Given how many academic papers are out there, it would be useful to have more filtering and discovery mechanisms for helping us to find the ones we might be most interested in.  One thing that could help is if authors themselves offered a concise 'overview' of what they think makes their various papers worth reading (when they are).  Many of us already list our papers on our websites, but (i) standard academic abstracts rarely do a good job of explaining why a paper is worth reading, and (ii) who reads academic websites anyway?  So I'm going to take a stab at doing this in a blog post, and invite others to follow suit (whether on Facebook or wherever you like: feel free to additionally post your response in the comments here, especially if your research interests overlap with mine at all). What lessons from your work do you wish were more widely appreciated?

Ordered by how much I happen to like each paper today:

[Updated to add a new, 'zeroth' entry:]

(0) The Right Wrong-Makers (forthcoming in PPR) argues that the right- and wrong-making features of modern ethical theories needn't be as abstract as everyone tends to assume.  We can thus avoid Stocker's charge of "moral schizophrenia" (or disharmony between our motives and our normative reasons) -- in striking contrast to those who hew to the orthodox consequentialist assumption that criteria of rightness and decision procedures bear no relation to each other. (Down with orthodoxy!)

(1) Value Receptacles (Noûs, 2015) argues that (i) the "separateness of persons" is best understood in terms of fungibility, and (ii) by recognizing each person as being of distinct (yet comparable) intrinsic value, utilitarianism can appropriately avoid treating people fungibly, and hence avoid any "separateness of persons" objection that's worth worrying about.  This is important because the SOP objection is a standard reason for rejecting aggregative consequentialism.  This paper shows (I believe decisively) that such moves are a mistake: contra Voorhoeve and others, respect for the separateness of persons provides no reason whatsoever to incorporate any kind of "non-aggregative perspective" into our moral theories.

(See also my response to Lazar's objections.  I should probably turn that post into a proper follow-up paper someday.)

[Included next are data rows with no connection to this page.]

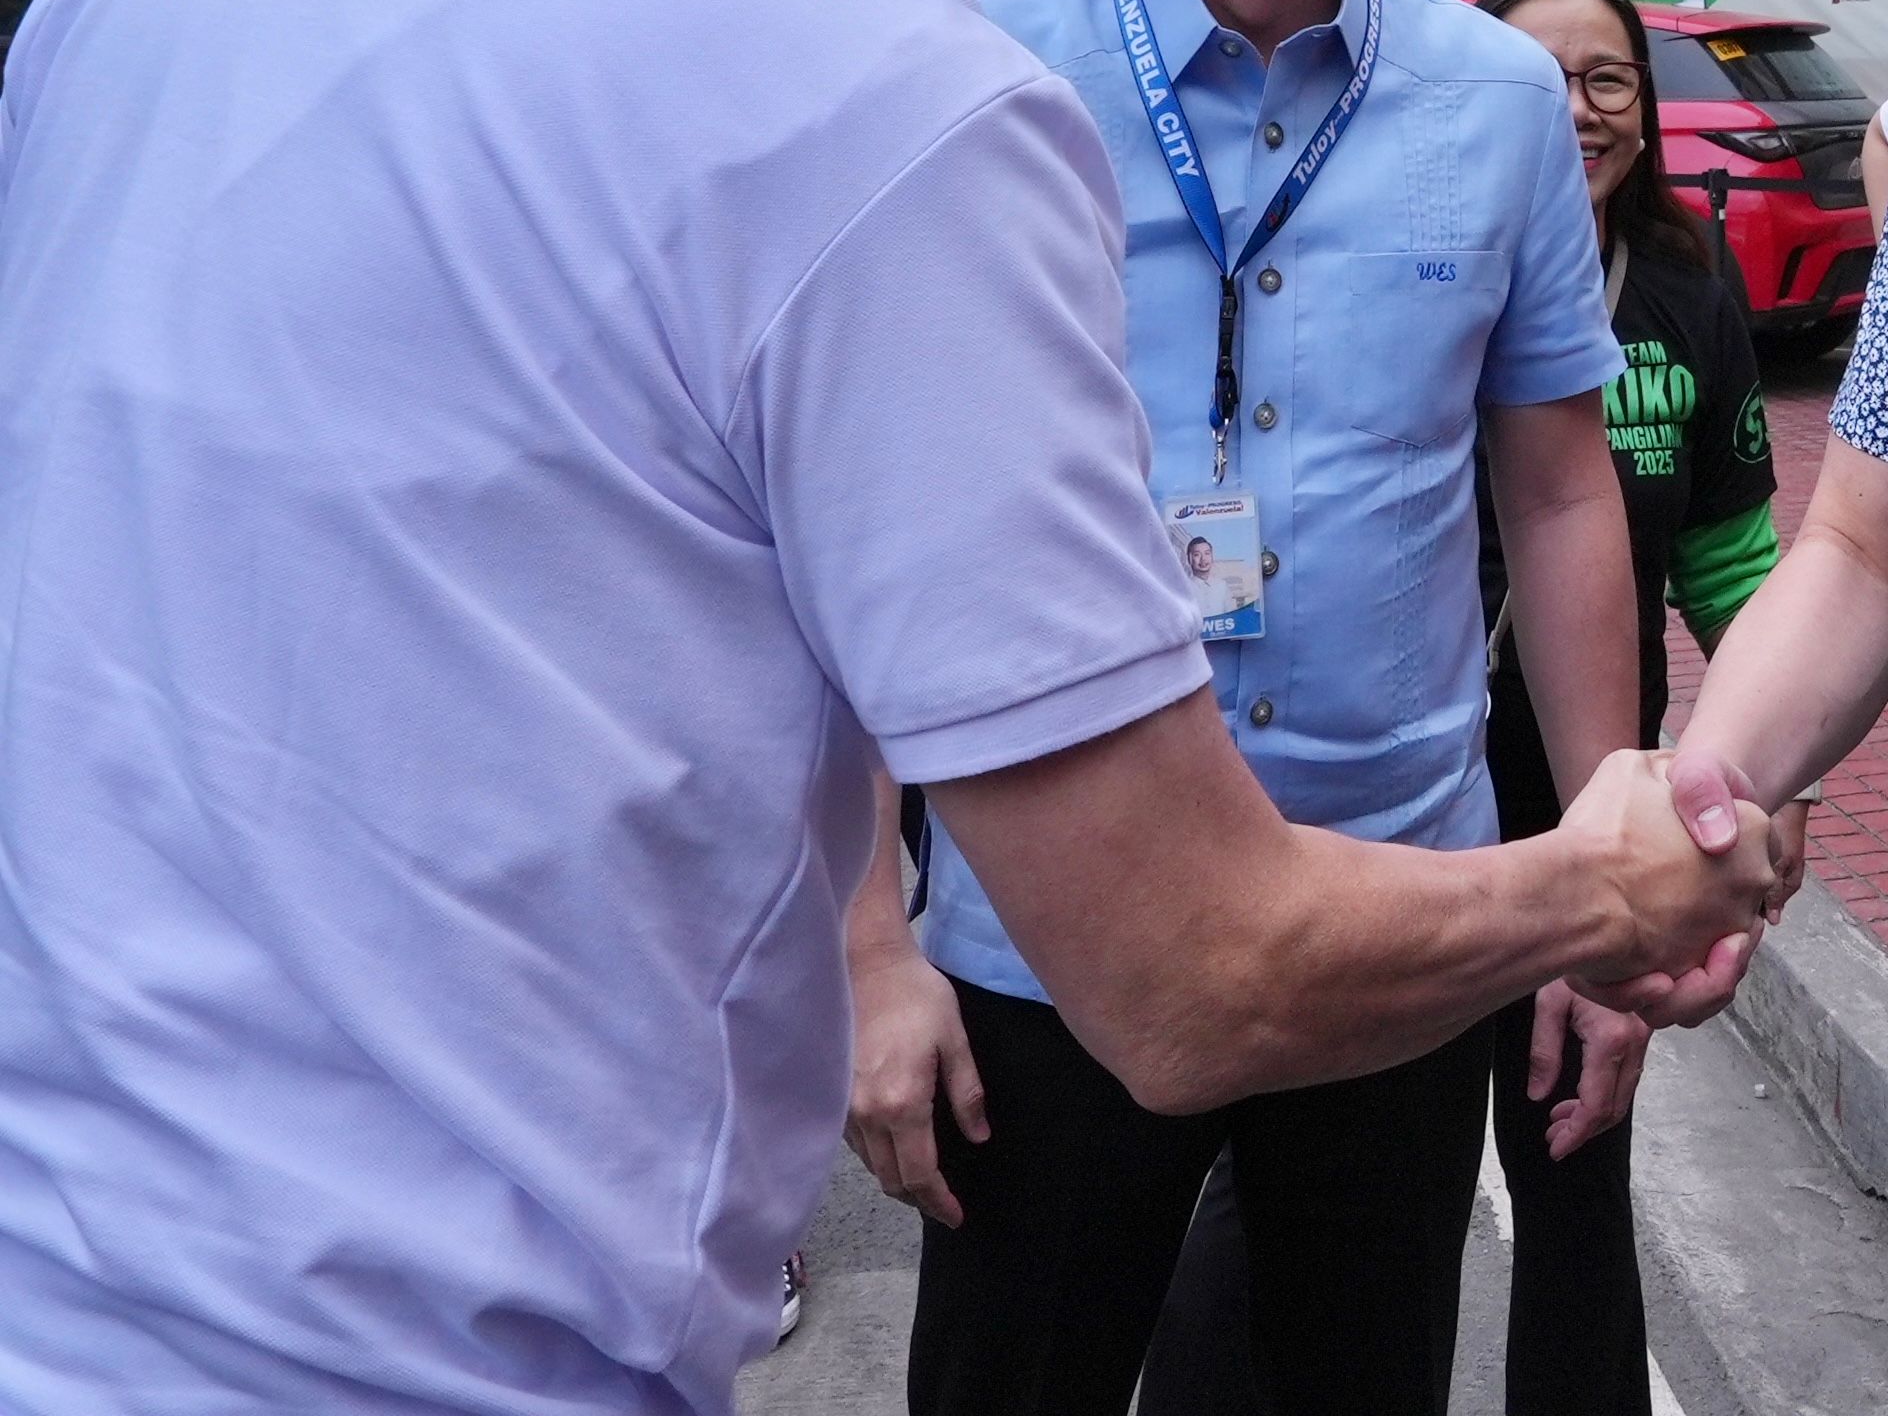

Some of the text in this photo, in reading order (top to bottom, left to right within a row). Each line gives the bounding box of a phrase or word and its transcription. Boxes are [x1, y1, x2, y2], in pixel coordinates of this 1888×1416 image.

[1156, 111, 1200, 179] CITY
[1291, 121, 1337, 186] Tuloy
[1416, 262, 1457, 282] WES
[1621, 340, 1668, 365] TEAM
[1601, 364, 1696, 425] KIKO
[1633, 449, 1675, 476] 2025

(2) Deontic Pluralism and the Right Amount of Good (forthcoming in The Oxford Handbook of Consequentialism). As previously summarized here, this paper argues that the debate between maximizers, satisficers, and scalar consequentialists can be dissolved: each is instead correct about a different component of the overall moral terrain.  This is another paper that I feel is pretty decisive, and could reshape its corner of the literature if the other participants happen to notice it.

(3) Knowing What Matters (OUP chapter, 2017).  This paper makes the case for a "flat-footed" response to Street's famous debunking arguments against normative realism. Few others seem to like this, but I think it's the way that realists should go, and I show that it's entirely coherent and internally defensible.  What's more, I show that it follows from this that Street's view is self-defeating.  Finally, I offer a diagnosis of when actual (as opposed to merely possible) disagreement matters, which I think undermines Parfit's motivation for seeking convergence amongst actually-existing philosophers and philosophical traditions.  (See also my response to Parfit's response.)

(4) Willpower Satisficing (Noûs, 2019). This paper is more exploratory than decisive, showing how to improve satisficing consequentialism so as to (i) disallow the gratuitous prevention of goodness, and (ii) offer a principled account of where to "draw the line" for being satisfactory.

(5) Fittingness: the sole normative primitive (Phil Quarterly, 2012). This is by far my most cited paper, for all the wrong reasons.  People cite it in passing as a representative of the "fittingness first" view, but the main purpose of the paper is instead to show what normative theorists can learn from taking fittingness seriously: most strikingly, that global consequentialism is an empty view (and, perhaps less surprisingly, that rule consequentialism is a structural mess).  Originally titled 'Fitting Attitudes for Consequentialists', the heart of the paper is an argument for why consequentialists should really all just be Act Consequentialists.

(6) Why Care About Non-Natural Reasons? (APQ, 2019) explains why a common objection -- that non-natural properties aren't the right things to care about -- is not a good objection to non-naturalist normative realism. It's a simple paper.  (At some point I should turn my blog post on ambiguously normative testimony into a follow-up paper, as I think I offer a pretty decisive refutation there of Bedke's latest paper pushing the opposing line.)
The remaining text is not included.